**What to produce:** Make your reply a word-for-word repeat of the records.

**Information:**
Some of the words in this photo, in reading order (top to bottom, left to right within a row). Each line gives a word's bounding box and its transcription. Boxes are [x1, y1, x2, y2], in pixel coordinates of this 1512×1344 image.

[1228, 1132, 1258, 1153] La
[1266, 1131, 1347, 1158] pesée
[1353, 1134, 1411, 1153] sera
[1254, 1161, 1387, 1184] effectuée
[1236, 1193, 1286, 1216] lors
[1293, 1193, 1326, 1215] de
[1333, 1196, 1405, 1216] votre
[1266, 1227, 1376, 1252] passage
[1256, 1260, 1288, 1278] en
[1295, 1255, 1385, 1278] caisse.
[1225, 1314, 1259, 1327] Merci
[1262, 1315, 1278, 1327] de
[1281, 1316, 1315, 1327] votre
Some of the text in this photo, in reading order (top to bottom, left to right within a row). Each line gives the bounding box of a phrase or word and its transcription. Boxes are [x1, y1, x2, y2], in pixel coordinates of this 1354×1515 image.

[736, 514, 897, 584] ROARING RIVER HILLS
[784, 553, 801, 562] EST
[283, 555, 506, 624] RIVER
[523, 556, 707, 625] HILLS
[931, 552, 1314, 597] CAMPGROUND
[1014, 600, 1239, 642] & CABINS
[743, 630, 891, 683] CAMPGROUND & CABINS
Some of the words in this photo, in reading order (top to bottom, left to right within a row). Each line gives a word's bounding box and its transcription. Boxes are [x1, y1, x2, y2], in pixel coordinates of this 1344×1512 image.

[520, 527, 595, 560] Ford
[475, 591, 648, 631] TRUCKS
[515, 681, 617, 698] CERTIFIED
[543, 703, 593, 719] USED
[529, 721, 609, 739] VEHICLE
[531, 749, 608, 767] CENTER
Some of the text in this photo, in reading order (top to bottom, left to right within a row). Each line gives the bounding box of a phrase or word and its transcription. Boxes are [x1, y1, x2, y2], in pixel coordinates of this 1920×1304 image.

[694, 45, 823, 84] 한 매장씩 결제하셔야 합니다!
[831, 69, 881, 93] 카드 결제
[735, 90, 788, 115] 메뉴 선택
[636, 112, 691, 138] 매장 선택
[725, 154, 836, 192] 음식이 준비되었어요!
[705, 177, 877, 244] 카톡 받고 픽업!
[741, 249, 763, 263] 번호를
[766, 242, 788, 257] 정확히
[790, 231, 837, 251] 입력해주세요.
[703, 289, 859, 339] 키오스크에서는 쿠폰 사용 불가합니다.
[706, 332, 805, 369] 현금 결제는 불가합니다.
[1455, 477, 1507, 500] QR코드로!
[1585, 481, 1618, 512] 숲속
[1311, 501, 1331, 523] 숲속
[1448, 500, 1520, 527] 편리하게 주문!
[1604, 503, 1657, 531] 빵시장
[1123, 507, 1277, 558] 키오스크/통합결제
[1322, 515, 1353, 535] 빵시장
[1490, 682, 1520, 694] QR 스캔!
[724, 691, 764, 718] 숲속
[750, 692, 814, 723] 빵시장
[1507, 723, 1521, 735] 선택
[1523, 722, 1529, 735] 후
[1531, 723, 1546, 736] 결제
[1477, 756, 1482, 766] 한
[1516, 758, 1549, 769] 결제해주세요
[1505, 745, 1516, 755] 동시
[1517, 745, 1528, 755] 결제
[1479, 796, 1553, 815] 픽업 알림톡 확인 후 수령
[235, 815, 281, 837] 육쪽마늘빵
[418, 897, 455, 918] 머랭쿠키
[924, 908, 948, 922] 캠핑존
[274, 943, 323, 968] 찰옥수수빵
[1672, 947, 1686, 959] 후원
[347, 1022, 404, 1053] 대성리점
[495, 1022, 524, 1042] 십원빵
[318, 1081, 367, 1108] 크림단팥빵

**Answer space:**
Some of the words in this photo, in reading order (top to bottom, left to right within a row). Each line gives a word's bounding box and its transcription. Boxes are [x1, y1, x2, y2], in pixel coordinates of this 1512×1344 image.

[1228, 1132, 1258, 1153] La
[1266, 1131, 1347, 1158] pesée
[1353, 1134, 1411, 1153] sera
[1254, 1161, 1387, 1184] effectuée
[1236, 1193, 1286, 1216] lors
[1293, 1193, 1326, 1215] de
[1333, 1196, 1405, 1216] votre
[1266, 1227, 1376, 1252] passage
[1256, 1260, 1288, 1278] en
[1295, 1255, 1385, 1278] caisse.
[1225, 1314, 1259, 1327] Merci
[1262, 1315, 1278, 1327] de
[1281, 1316, 1315, 1327] votre
Some of the text in this photo, in reading order (top to bottom, left to right within a row). Each line gives the bounding box of a phrase or word and its transcription. Boxes are [x1, y1, x2, y2], in pixel coordinates of this 1354×1515 image.

[736, 514, 897, 584] ROARING RIVER HILLS
[784, 553, 801, 562] EST
[283, 555, 506, 624] RIVER
[523, 556, 707, 625] HILLS
[931, 552, 1314, 597] CAMPGROUND
[1014, 600, 1239, 642] & CABINS
[743, 630, 891, 683] CAMPGROUND & CABINS
Some of the words in this photo, in reading order (top to bottom, left to right within a row). Each line gives a word's bounding box and its transcription. Boxes are [x1, y1, x2, y2], in pixel coordinates of this 1344×1512 image.

[520, 527, 595, 560] Ford
[475, 591, 648, 631] TRUCKS
[515, 681, 617, 698] CERTIFIED
[543, 703, 593, 719] USED
[529, 721, 609, 739] VEHICLE
[531, 749, 608, 767] CENTER
Some of the text in this photo, in reading order (top to bottom, left to right within a row). Each line gives the bounding box of a phrase or word and its transcription. Boxes are [x1, y1, x2, y2], in pixel coordinates of this 1920×1304 image.

[694, 45, 823, 84] 한 매장씩 결제하셔야 합니다!
[831, 69, 881, 93] 카드 결제
[735, 90, 788, 115] 메뉴 선택
[636, 112, 691, 138] 매장 선택
[725, 154, 836, 192] 음식이 준비되었어요!
[705, 177, 877, 244] 카톡 받고 픽업!
[741, 249, 763, 263] 번호를
[766, 242, 788, 257] 정확히
[790, 231, 837, 251] 입력해주세요.
[703, 289, 859, 339] 키오스크에서는 쿠폰 사용 불가합니다.
[706, 332, 805, 369] 현금 결제는 불가합니다.
[1455, 477, 1507, 500] QR코드로!
[1585, 481, 1618, 512] 숲속
[1311, 501, 1331, 523] 숲속
[1448, 500, 1520, 527] 편리하게 주문!
[1604, 503, 1657, 531] 빵시장
[1123, 507, 1277, 558] 키오스크/통합결제
[1322, 515, 1353, 535] 빵시장
[1490, 682, 1520, 694] QR 스캔!
[724, 691, 764, 718] 숲속
[750, 692, 814, 723] 빵시장
[1507, 723, 1521, 735] 선택
[1523, 722, 1529, 735] 후
[1531, 723, 1546, 736] 결제
[1477, 756, 1482, 766] 한
[1516, 758, 1549, 769] 결제해주세요
[1505, 745, 1516, 755] 동시
[1517, 745, 1528, 755] 결제
[1479, 796, 1553, 815] 픽업 알림톡 확인 후 수령
[235, 815, 281, 837] 육쪽마늘빵
[418, 897, 455, 918] 머랭쿠키
[924, 908, 948, 922] 캠핑존
[274, 943, 323, 968] 찰옥수수빵
[1672, 947, 1686, 959] 후원
[347, 1022, 404, 1053] 대성리점
[495, 1022, 524, 1042] 십원빵
[318, 1081, 367, 1108] 크림단팥빵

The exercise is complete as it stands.